§ **WORK INSTRUCTIONS**
Would you please set down the data again exactly as given, excluding the pictures?

Start of SUPPLIED MATERIAL

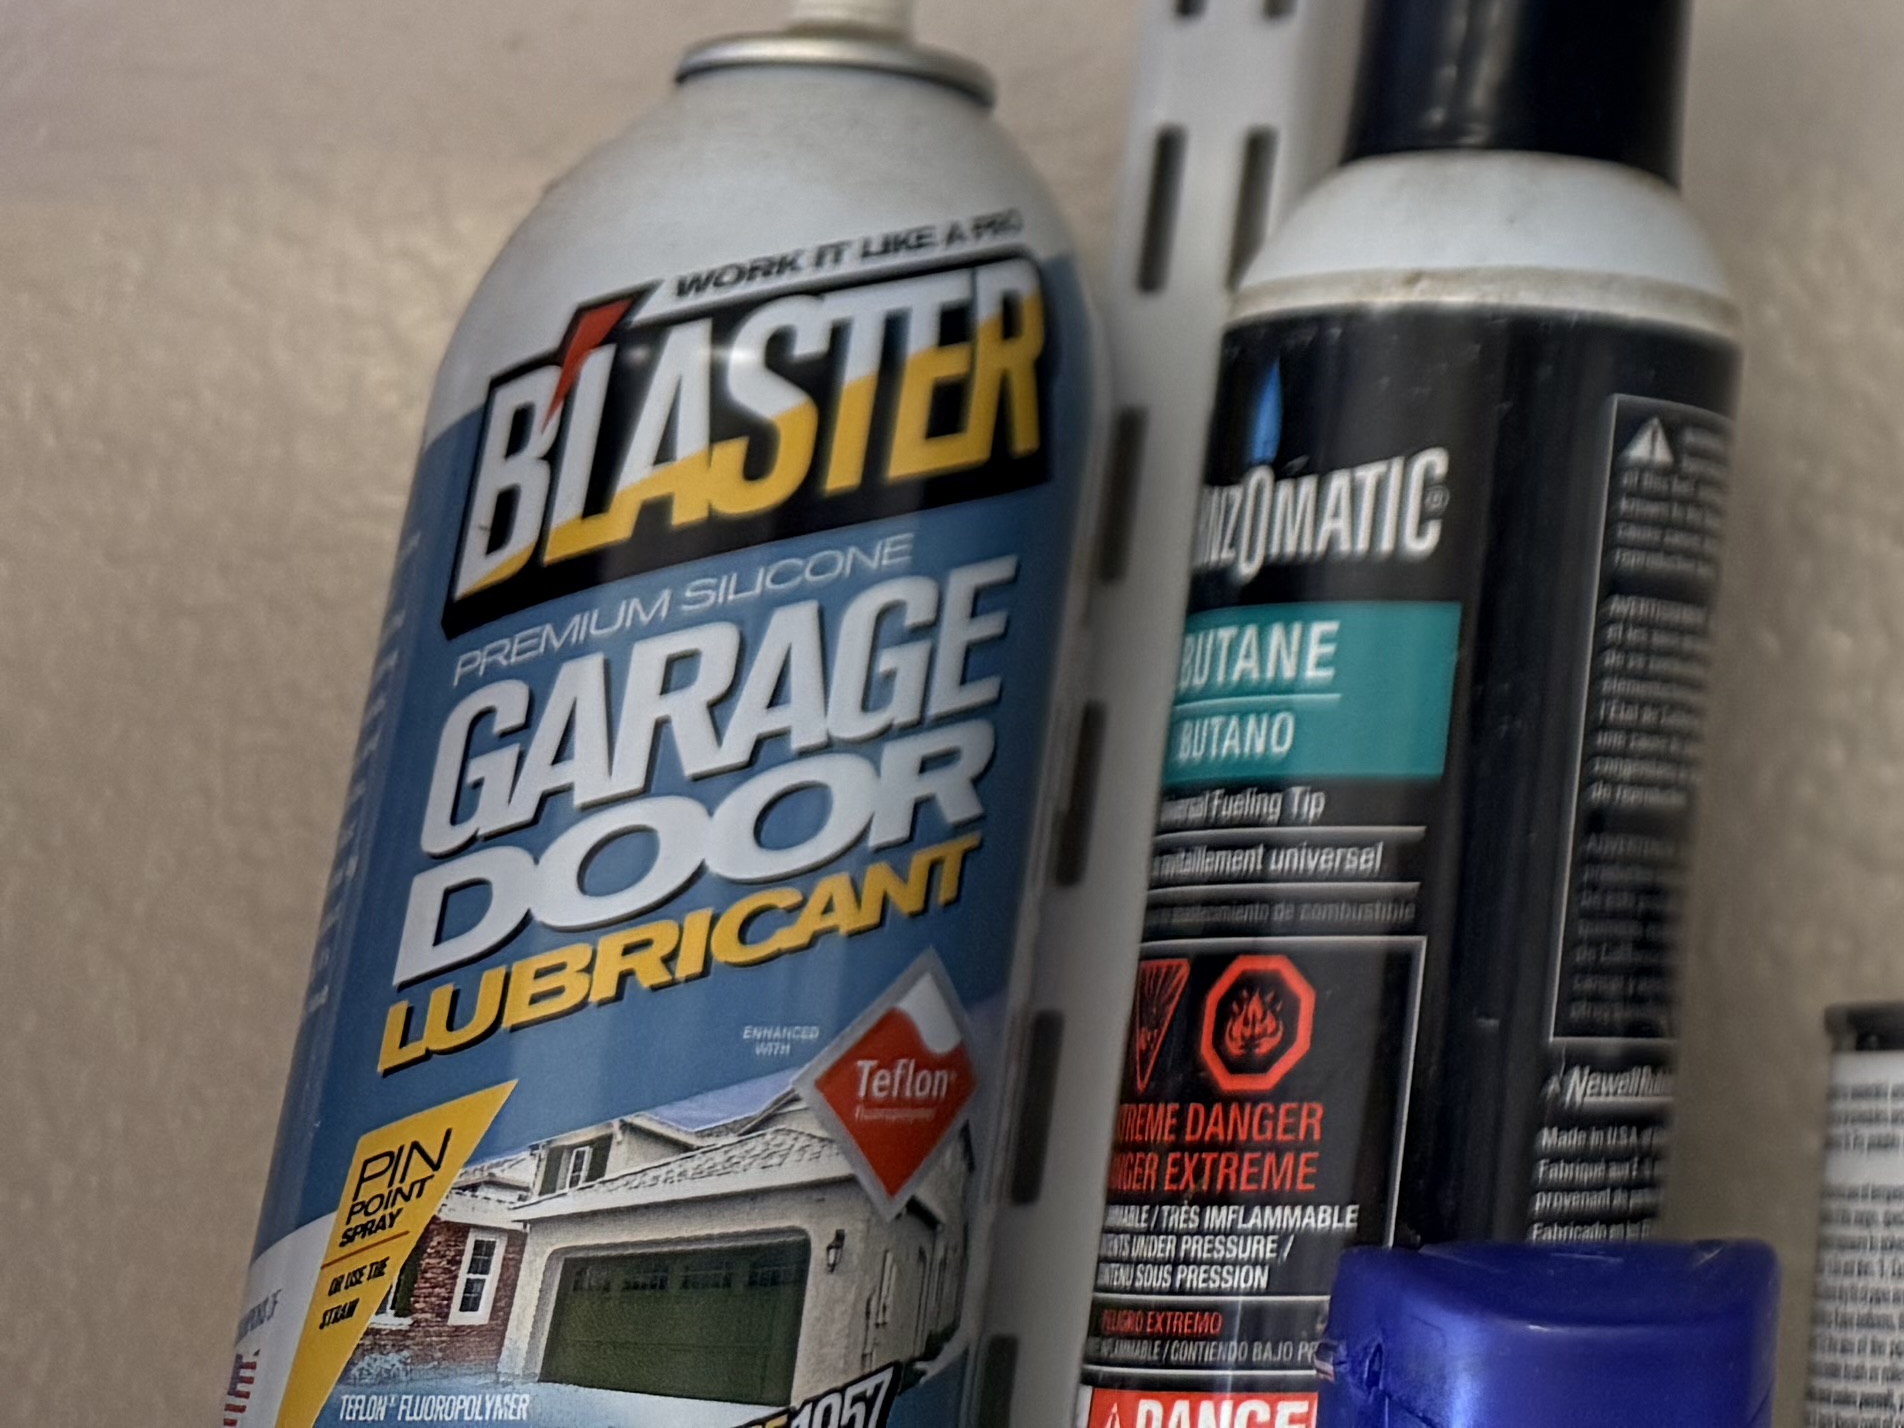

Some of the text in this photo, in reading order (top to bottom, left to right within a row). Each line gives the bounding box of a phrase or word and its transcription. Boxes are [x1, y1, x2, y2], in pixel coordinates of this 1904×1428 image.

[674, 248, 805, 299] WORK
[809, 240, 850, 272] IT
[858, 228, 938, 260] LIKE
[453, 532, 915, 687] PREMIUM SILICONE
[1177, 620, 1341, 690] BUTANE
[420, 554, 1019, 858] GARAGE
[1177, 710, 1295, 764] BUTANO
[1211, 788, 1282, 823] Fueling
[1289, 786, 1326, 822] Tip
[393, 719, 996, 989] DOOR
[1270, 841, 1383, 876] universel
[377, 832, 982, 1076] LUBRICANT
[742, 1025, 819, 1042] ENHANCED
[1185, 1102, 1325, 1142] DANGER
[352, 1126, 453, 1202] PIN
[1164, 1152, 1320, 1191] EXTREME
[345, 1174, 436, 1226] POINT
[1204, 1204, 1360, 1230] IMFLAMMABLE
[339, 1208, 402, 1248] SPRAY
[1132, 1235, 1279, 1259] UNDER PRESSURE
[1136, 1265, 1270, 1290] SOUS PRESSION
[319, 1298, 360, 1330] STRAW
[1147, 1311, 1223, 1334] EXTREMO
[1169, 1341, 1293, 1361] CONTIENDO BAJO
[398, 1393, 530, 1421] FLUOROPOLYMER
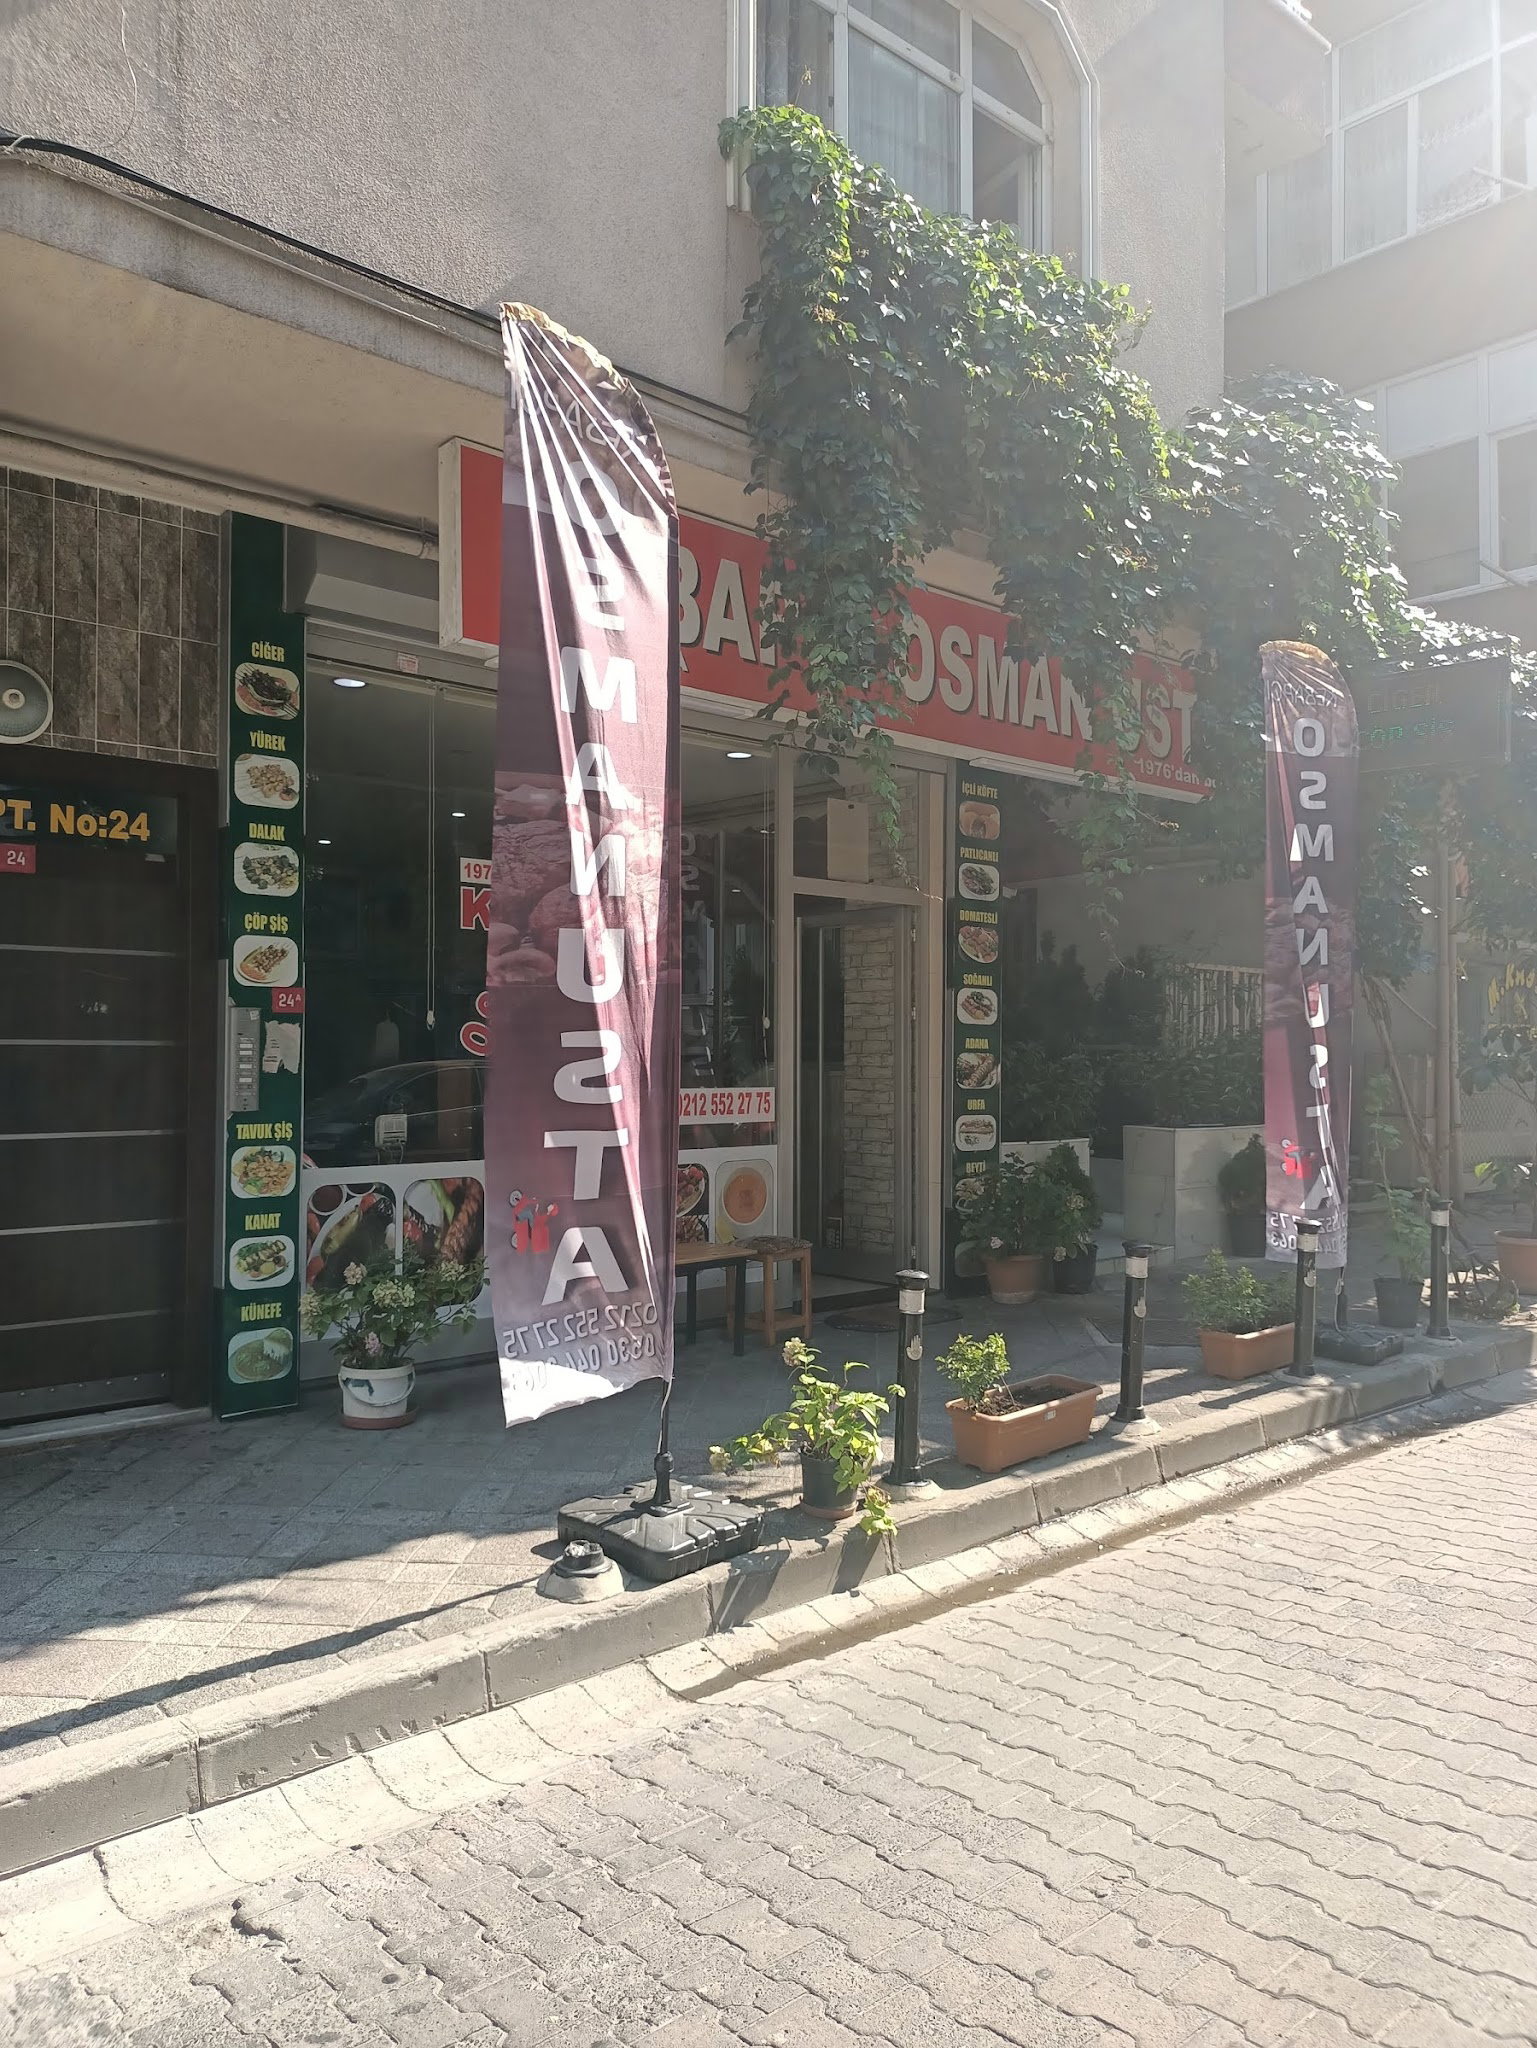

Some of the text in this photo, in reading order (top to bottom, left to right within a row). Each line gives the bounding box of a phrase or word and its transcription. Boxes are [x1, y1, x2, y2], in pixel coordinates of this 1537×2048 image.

End of SUPPLIED MATERIAL

§ **REPLY TO THE TASK**
Some of the text in this photo, in reading order (top to bottom, left to right within a row). Each line gives the bounding box of a phrase or word and its transcription. Boxes are [x1, y1, x2, y2], in pixel coordinates of this 1904×1428 image.

[674, 248, 805, 299] WORK
[809, 240, 850, 272] IT
[858, 228, 938, 260] LIKE
[453, 532, 915, 687] PREMIUM SILICONE
[1177, 620, 1341, 690] BUTANE
[420, 554, 1019, 858] GARAGE
[1177, 710, 1295, 764] BUTANO
[1211, 788, 1282, 823] Fueling
[1289, 786, 1326, 822] Tip
[393, 719, 996, 989] DOOR
[1270, 841, 1383, 876] universel
[377, 832, 982, 1076] LUBRICANT
[742, 1025, 819, 1042] ENHANCED
[1185, 1102, 1325, 1142] DANGER
[352, 1126, 453, 1202] PIN
[1164, 1152, 1320, 1191] EXTREME
[345, 1174, 436, 1226] POINT
[1204, 1204, 1360, 1230] IMFLAMMABLE
[339, 1208, 402, 1248] SPRAY
[1132, 1235, 1279, 1259] UNDER PRESSURE
[1136, 1265, 1270, 1290] SOUS PRESSION
[319, 1298, 360, 1330] STRAW
[1147, 1311, 1223, 1334] EXTREMO
[1169, 1341, 1293, 1361] CONTIENDO BAJO
[398, 1393, 530, 1421] FLUOROPOLYMER

Some of the text in this photo, in reading order (top to bottom, left to right within a row). Each line gives the bounding box of a phrase or word and its transcription. Boxes are [x1, y1, x2, y2], in pixel coordinates of this 1537×2048 image.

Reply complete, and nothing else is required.